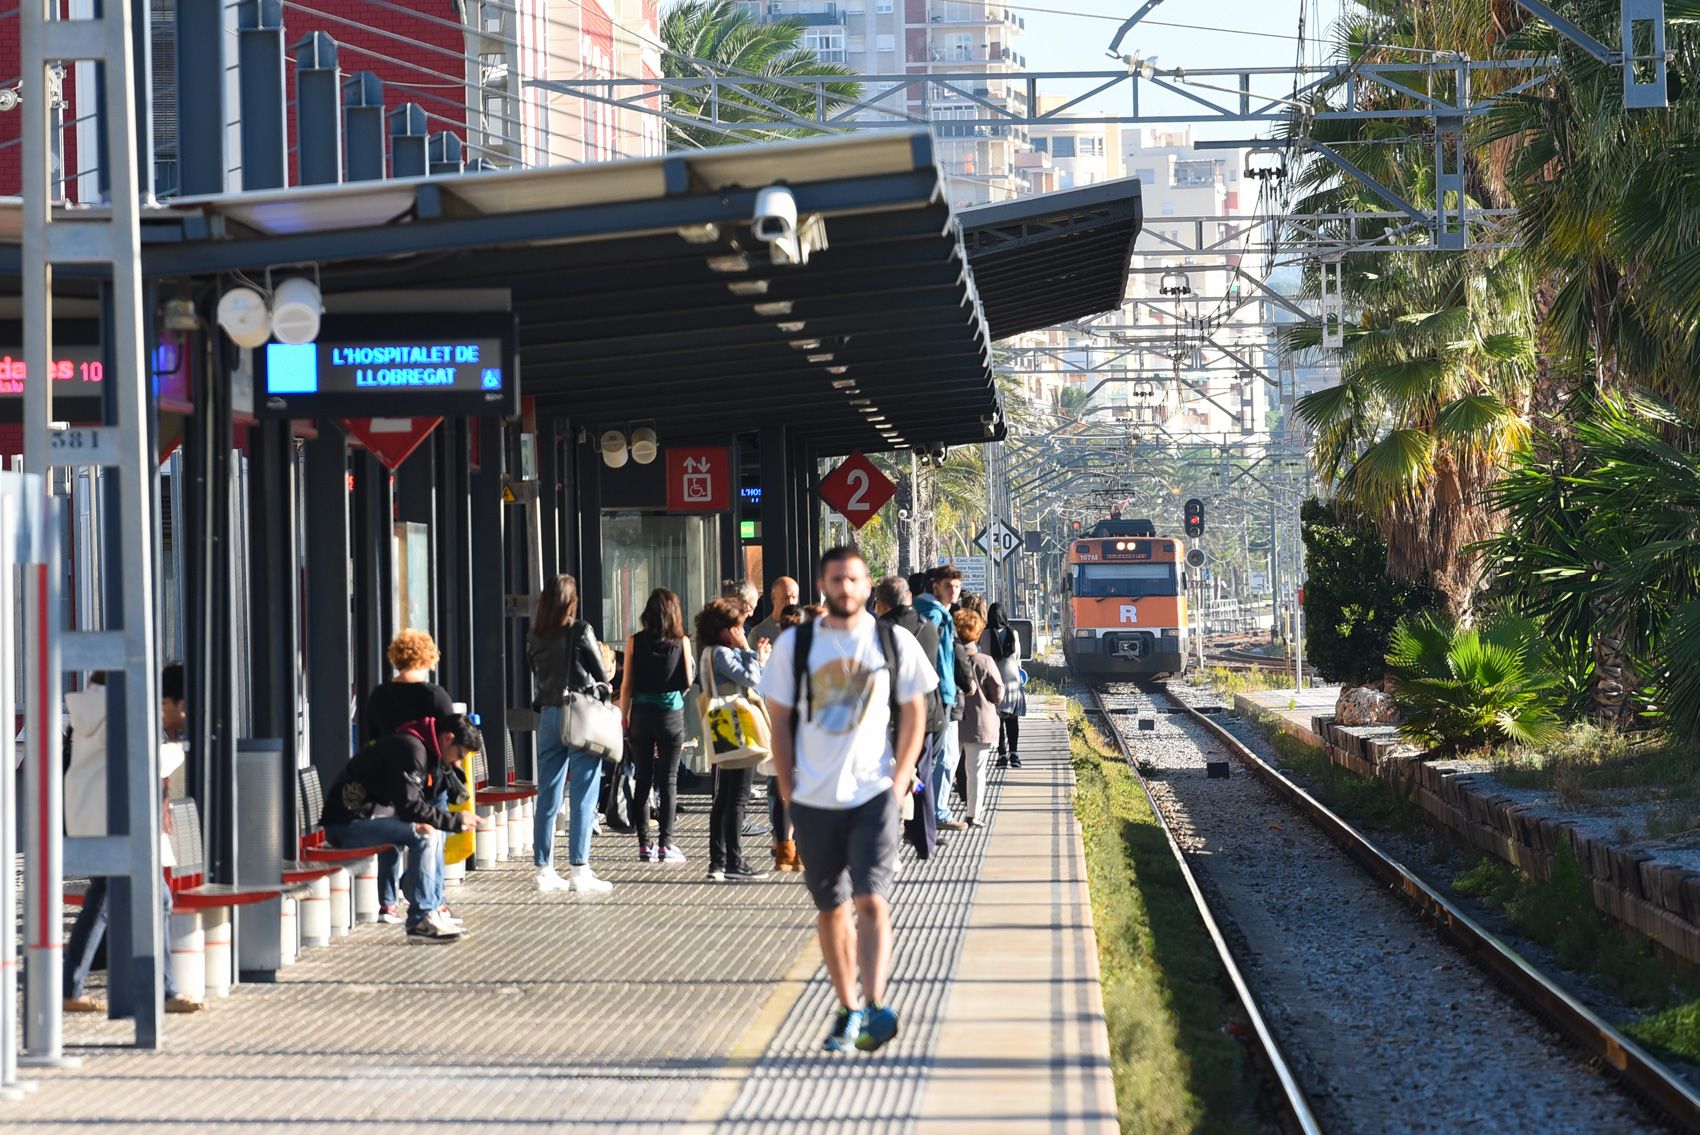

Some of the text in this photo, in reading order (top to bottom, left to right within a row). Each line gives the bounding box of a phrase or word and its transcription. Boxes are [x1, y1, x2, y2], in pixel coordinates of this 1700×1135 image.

[333, 345, 480, 365] L'HOSPITALET DE
[80, 361, 103, 382] 10
[356, 367, 457, 387] LLOBREGAT
[847, 468, 870, 511] 2
[1119, 604, 1138, 623] R

★ ★ ★ ★ ★ ★ ★

> _Try it_
Could you restate the entries word for word, skipping any pictures?

> _Your solution_
Some of the text in this photo, in reading order (top to bottom, left to right within a row). Each line gives the bounding box of a phrase or word and its transcription. Boxes are [x1, y1, x2, y2], in pixel coordinates of this 1700×1135 image.

[333, 345, 480, 365] L'HOSPITALET DE
[80, 361, 103, 382] 10
[356, 367, 457, 387] LLOBREGAT
[847, 468, 870, 511] 2
[1119, 604, 1138, 623] R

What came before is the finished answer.